Start of Block

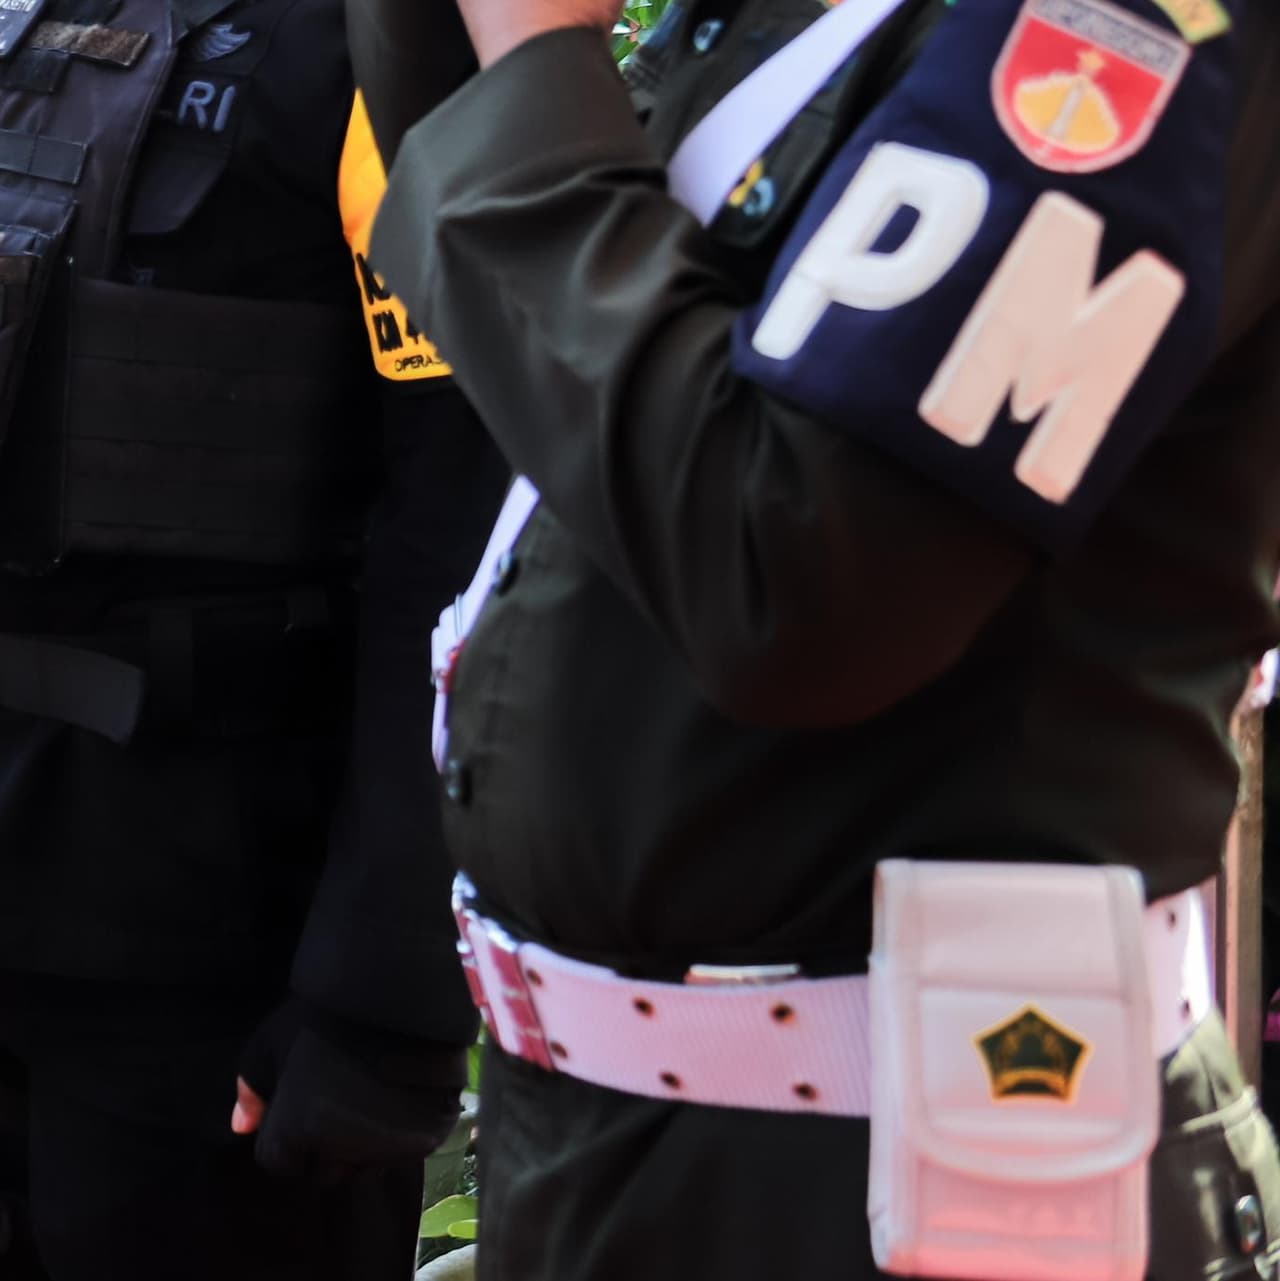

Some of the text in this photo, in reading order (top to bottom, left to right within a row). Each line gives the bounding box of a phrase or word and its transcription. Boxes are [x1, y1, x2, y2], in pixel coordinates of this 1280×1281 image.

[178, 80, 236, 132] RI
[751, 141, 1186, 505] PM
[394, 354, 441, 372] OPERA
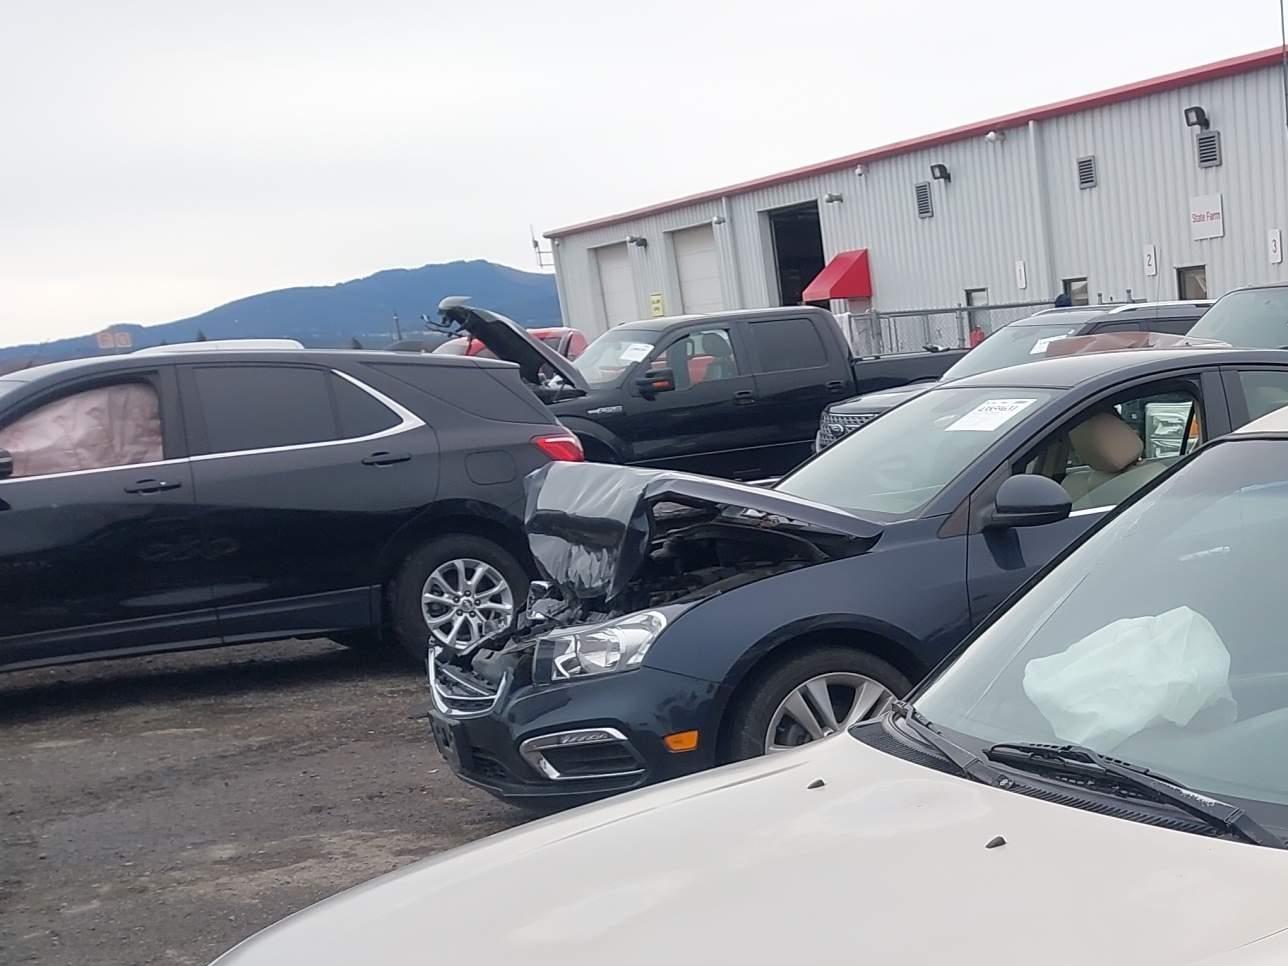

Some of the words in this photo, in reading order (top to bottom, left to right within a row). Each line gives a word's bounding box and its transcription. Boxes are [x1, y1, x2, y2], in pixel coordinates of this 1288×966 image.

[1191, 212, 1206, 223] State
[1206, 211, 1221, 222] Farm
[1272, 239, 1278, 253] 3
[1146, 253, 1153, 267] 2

End of Block

* [What to produce]: Nothing but the lines from the one that contains "Some of the words" through the end of the data above should appear, each reproduced exactly.

* [Solution to this problem]:
Some of the words in this photo, in reading order (top to bottom, left to right within a row). Each line gives a word's bounding box and its transcription. Boxes are [x1, y1, x2, y2], in pixel coordinates of this 1288×966 image.

[1191, 212, 1206, 223] State
[1206, 211, 1221, 222] Farm
[1272, 239, 1278, 253] 3
[1146, 253, 1153, 267] 2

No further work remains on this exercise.